* **ACTIVITY**:
An exact copy of all the data is required, with pictures left out.

* **RECORDED DATA**:
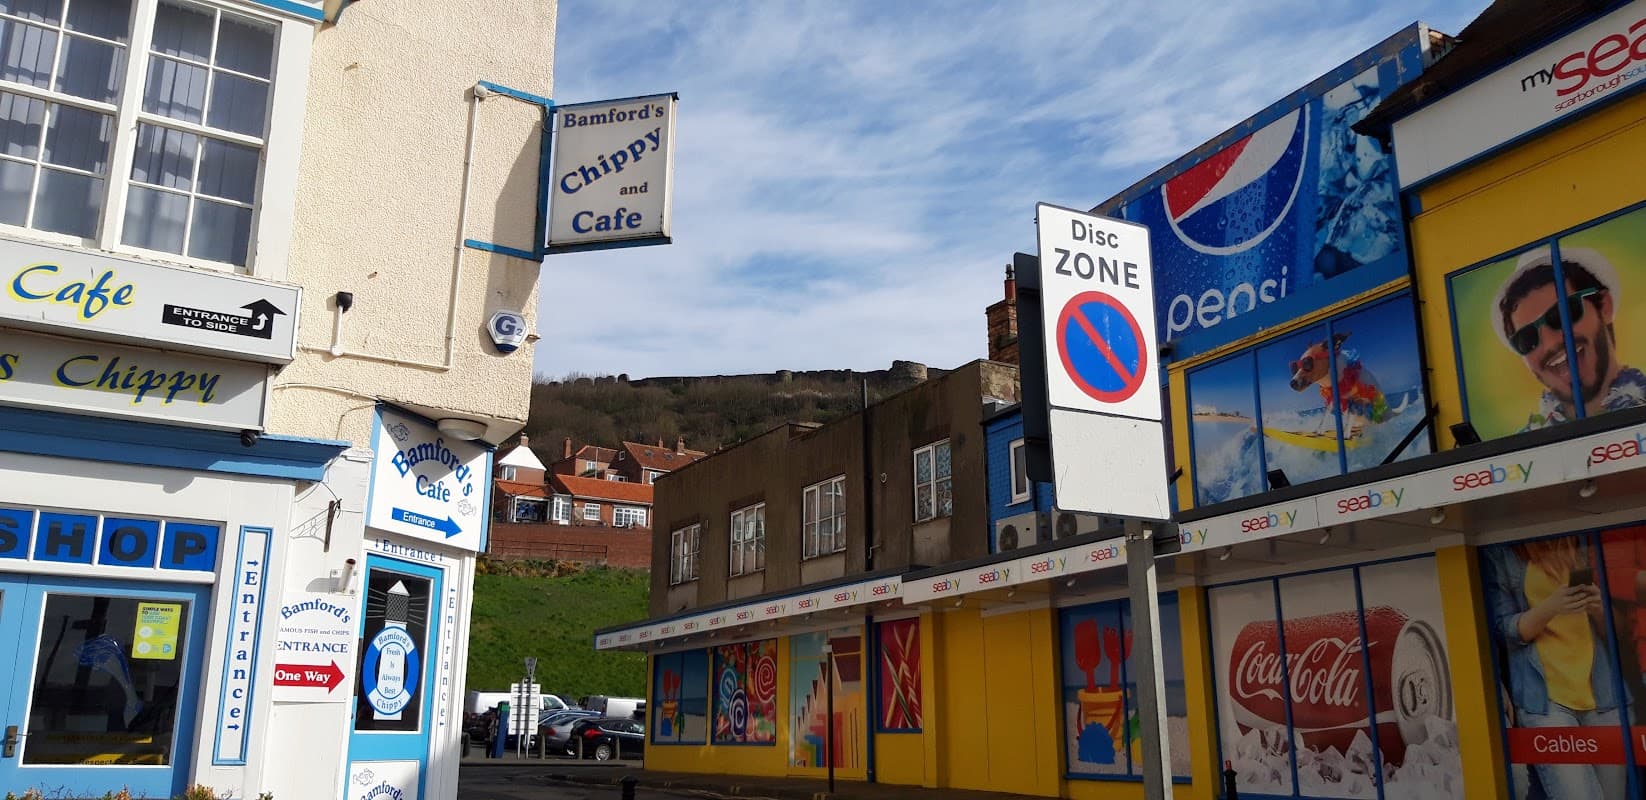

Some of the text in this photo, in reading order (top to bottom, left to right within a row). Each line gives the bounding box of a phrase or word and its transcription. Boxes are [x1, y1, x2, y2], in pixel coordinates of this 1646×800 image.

[563, 104, 664, 128] Bamford's
[560, 127, 661, 195] Chippy
[620, 182, 648, 196] and
[572, 208, 642, 234] Cafe
[1071, 219, 1119, 249] Disc
[1055, 247, 1140, 290] ZONE
[10, 264, 134, 319] Cafe
[173, 307, 249, 326] ENTRANCE
[183, 317, 237, 333] TO SIDE
[56, 355, 221, 403] Chippy
[392, 437, 473, 497] Bamford's
[1453, 460, 1533, 492] seabay
[415, 474, 450, 503] Cafe
[1337, 487, 1404, 514] seabay
[403, 509, 435, 528] Entrance
[1241, 509, 1297, 533] seabay
[383, 539, 436, 562] Entrance
[1031, 556, 1066, 574] seabay
[281, 598, 350, 624] Bamford's
[229, 571, 258, 718] Entrance
[378, 632, 410, 648] Bamford's
[440, 597, 456, 717] Entrance
[275, 670, 331, 684] One Way
[384, 686, 396, 694] Best
[376, 698, 402, 711] Chippy
[1534, 735, 1598, 753] Cables
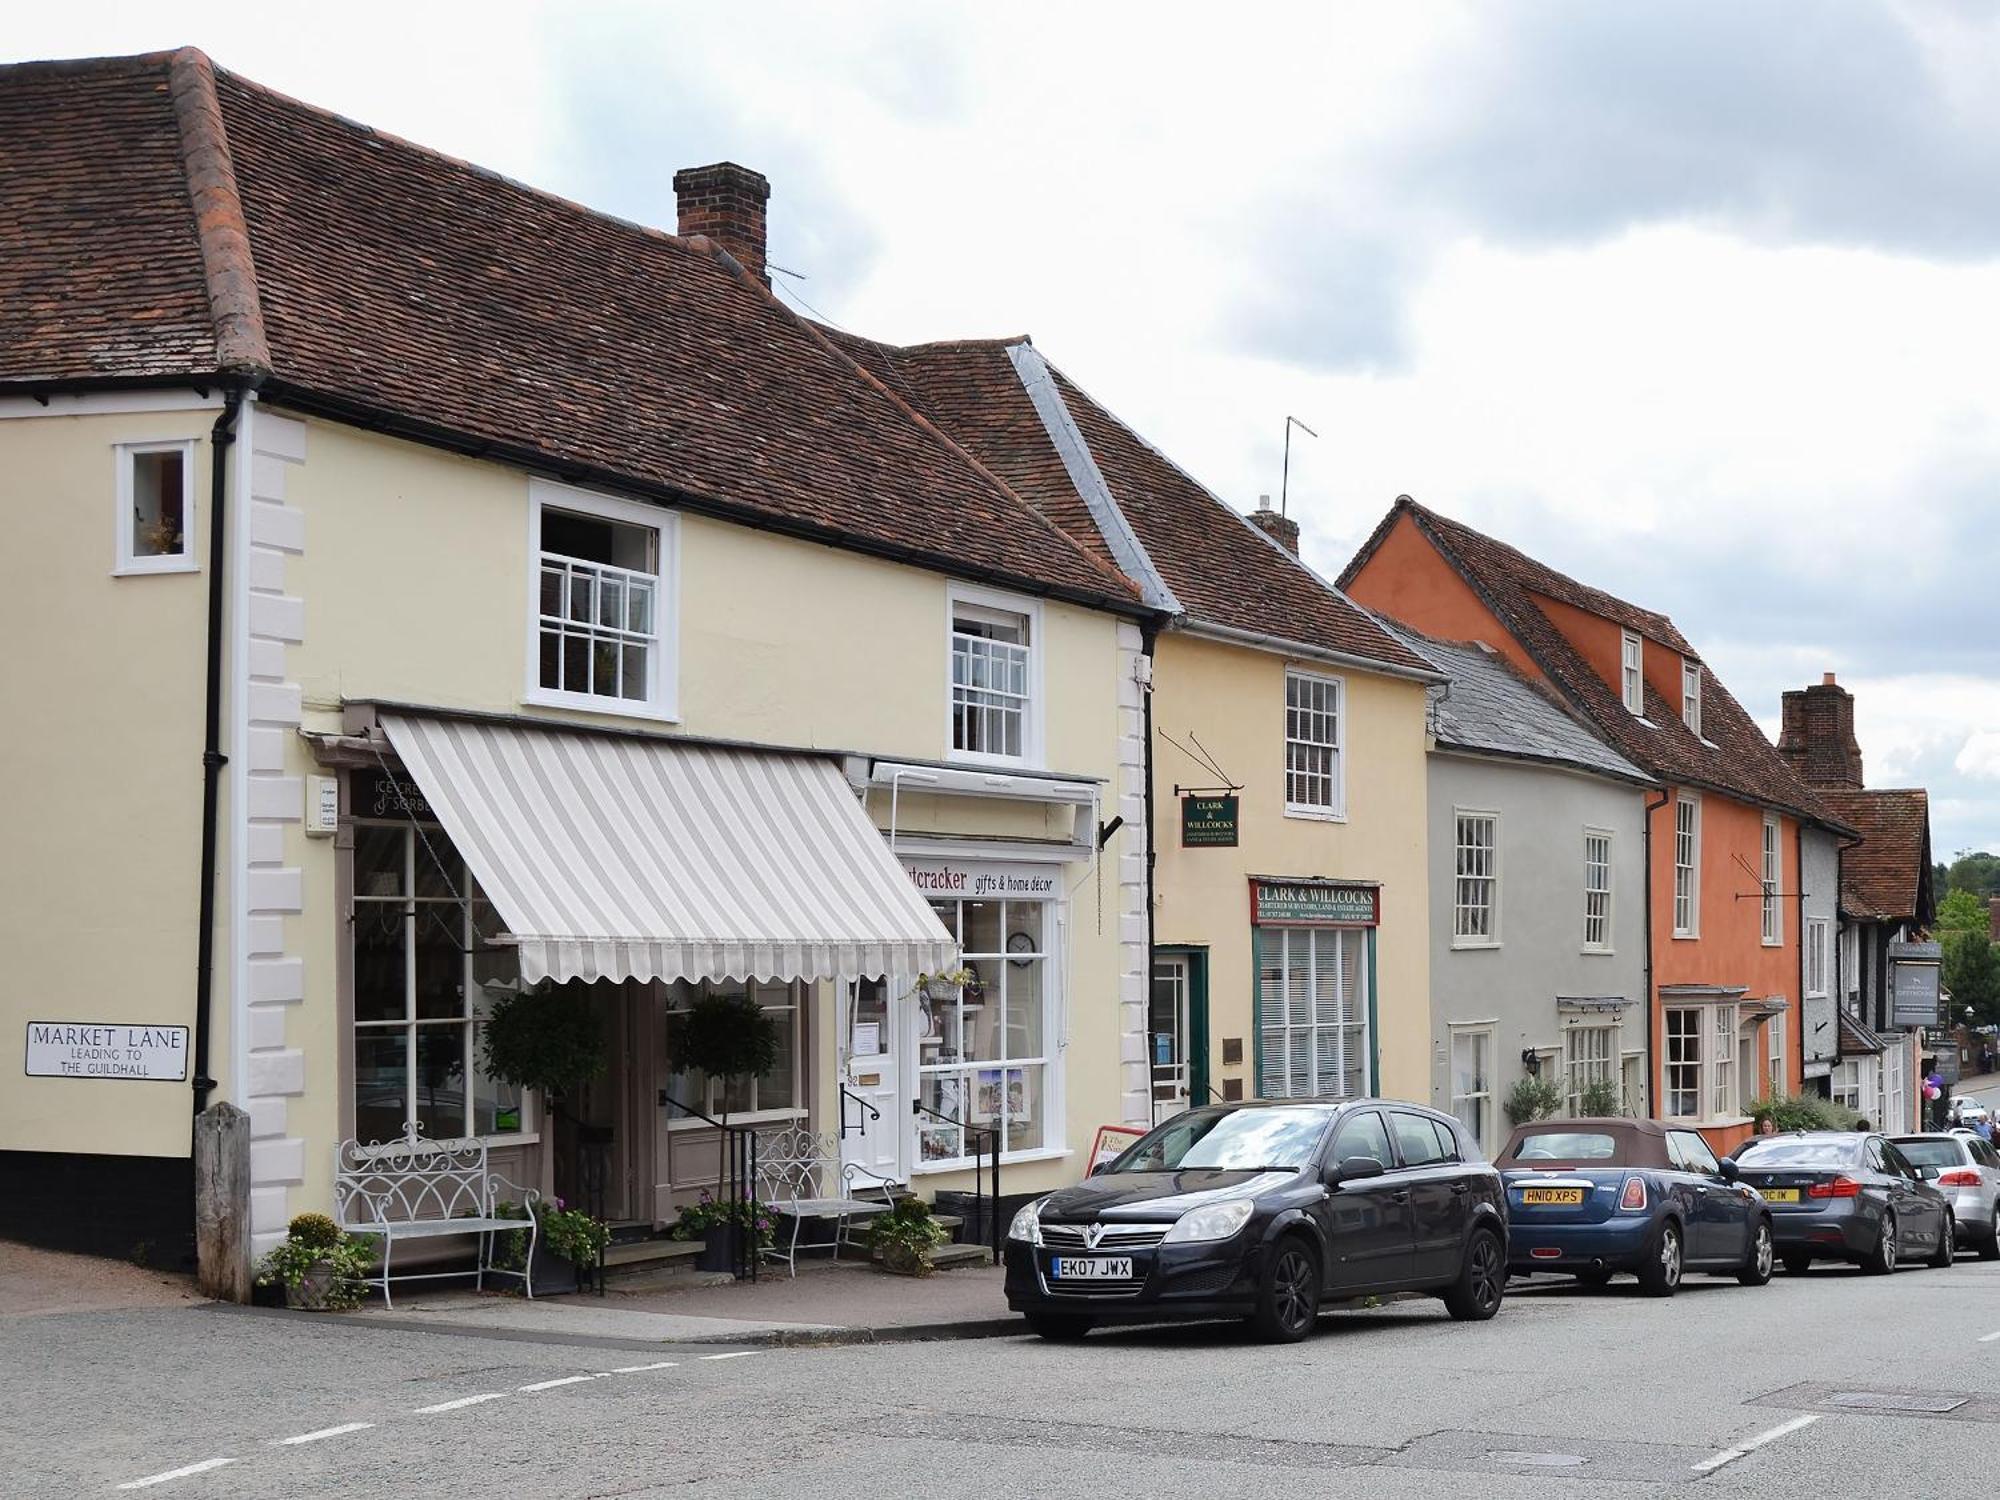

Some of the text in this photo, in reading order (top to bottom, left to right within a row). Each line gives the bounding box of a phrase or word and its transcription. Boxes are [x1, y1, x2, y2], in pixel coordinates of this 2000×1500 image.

[375, 780, 393, 793] ICE
[1207, 811, 1213, 819] &
[1187, 821, 1233, 829] WILLCOCKS
[908, 866, 1052, 895] tcracker gifts & home décor
[1257, 886, 1373, 904] CLARK & WILLCOCKS
[33, 1026, 181, 1049] MARKET LANE
[71, 1048, 142, 1060] LEADING TO
[61, 1061, 149, 1076] THE GUILDHALL
[1527, 1191, 1577, 1202] HN10 XPS
[1060, 1260, 1129, 1276] EK07 JWX
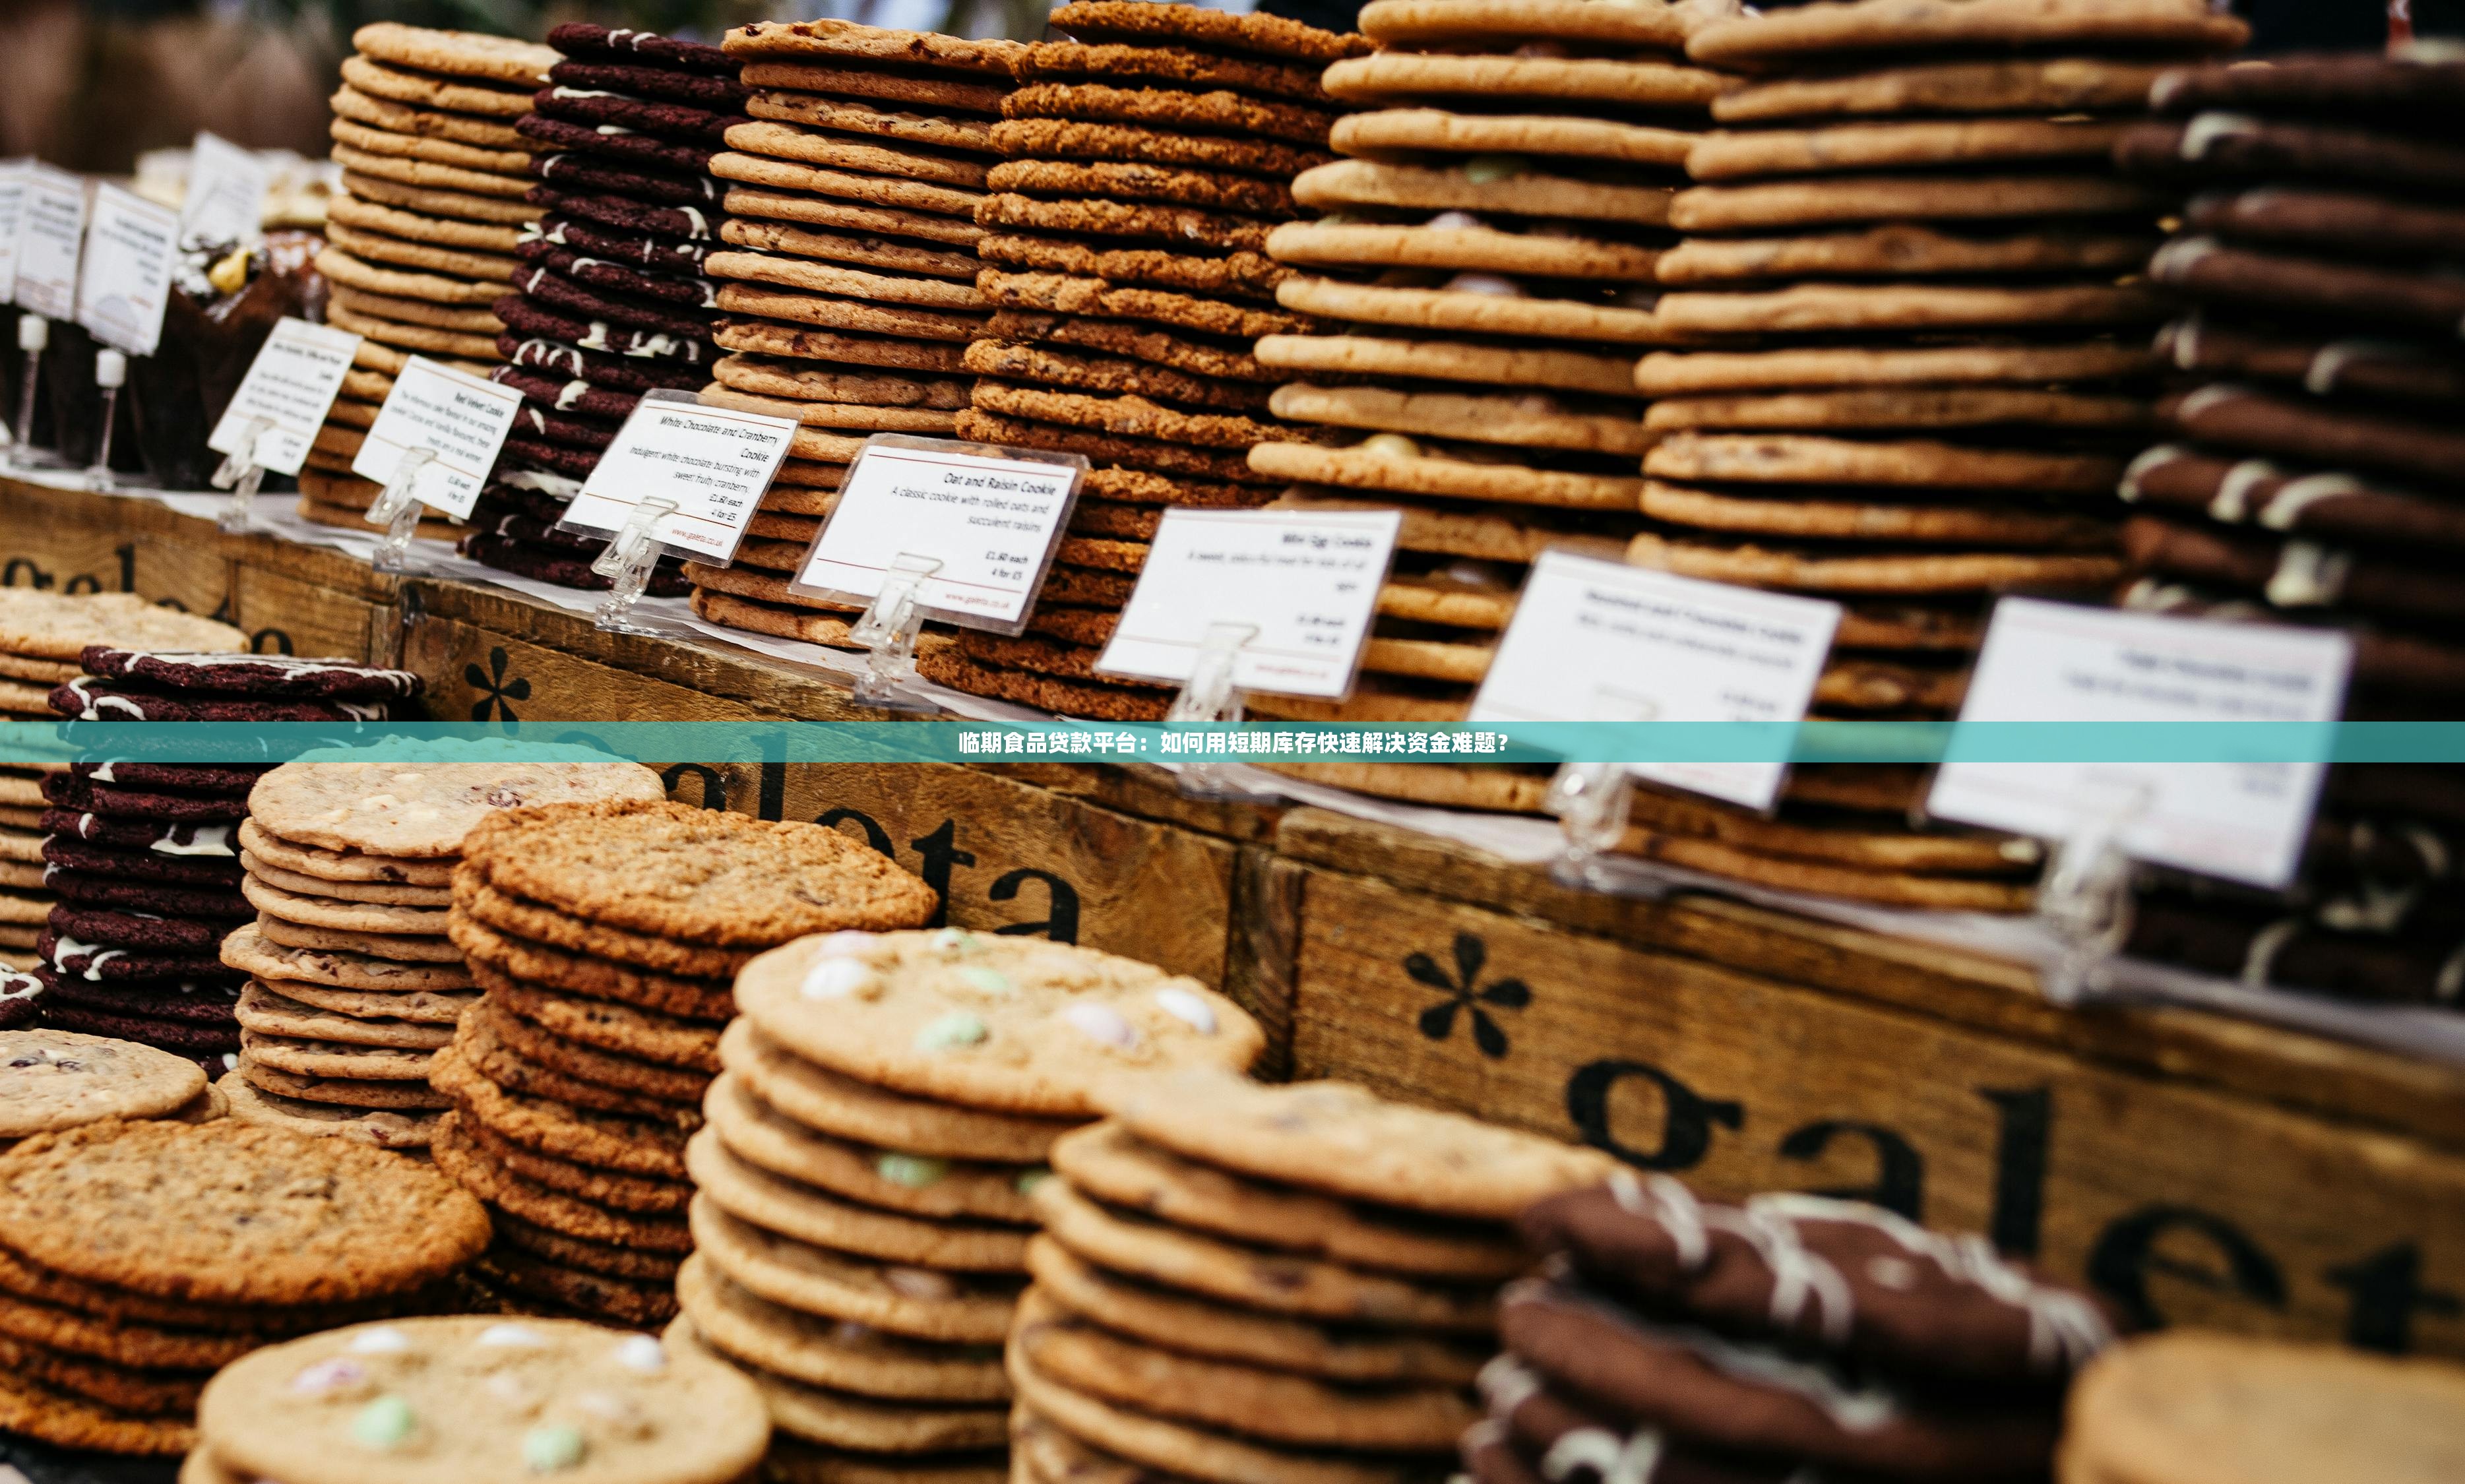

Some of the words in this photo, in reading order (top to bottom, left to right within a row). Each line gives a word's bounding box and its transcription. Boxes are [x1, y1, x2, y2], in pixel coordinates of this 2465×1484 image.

* **FINISHED TASK**:
Some of the text in this photo, in reading order (top to bottom, left to right within a row). Each line gives the bounding box of a phrase or word and its transcription. Boxes are [x1, y1, x2, y2], in pixel coordinates of this 1646×800 image.

[563, 104, 664, 128] Bamford's
[560, 127, 661, 195] Chippy
[620, 182, 648, 196] and
[572, 208, 642, 234] Cafe
[1071, 219, 1119, 249] Disc
[1055, 247, 1140, 290] ZONE
[10, 264, 134, 319] Cafe
[173, 307, 249, 326] ENTRANCE
[183, 317, 237, 333] TO SIDE
[56, 355, 221, 403] Chippy
[392, 437, 473, 497] Bamford's
[1453, 460, 1533, 492] seabay
[415, 474, 450, 503] Cafe
[1337, 487, 1404, 514] seabay
[403, 509, 435, 528] Entrance
[1241, 509, 1297, 533] seabay
[383, 539, 436, 562] Entrance
[1031, 556, 1066, 574] seabay
[281, 598, 350, 624] Bamford's
[229, 571, 258, 718] Entrance
[378, 632, 410, 648] Bamford's
[440, 597, 456, 717] Entrance
[275, 670, 331, 684] One Way
[384, 686, 396, 694] Best
[376, 698, 402, 711] Chippy
[1534, 735, 1598, 753] Cables

Some of the text in this photo, in reading order (top to bottom, left to right within a row). Each line gives the bounding box of a phrase or word and its transcription. Boxes are [x1, y1, x2, y2], in pixel coordinates of this 2000×1500 image.

[375, 780, 393, 793] ICE
[1207, 811, 1213, 819] &
[1187, 821, 1233, 829] WILLCOCKS
[908, 866, 1052, 895] tcracker gifts & home décor
[1257, 886, 1373, 904] CLARK & WILLCOCKS
[33, 1026, 181, 1049] MARKET LANE
[71, 1048, 142, 1060] LEADING TO
[61, 1061, 149, 1076] THE GUILDHALL
[1527, 1191, 1577, 1202] HN10 XPS
[1060, 1260, 1129, 1276] EK07 JWX

Some of the words in this photo, in reading order (top to bottom, left to right within a row). Each line gives a word's bounding box and its transcription. Boxes are [x1, y1, x2, y2], in pixel coordinates of this 2465×1484 image.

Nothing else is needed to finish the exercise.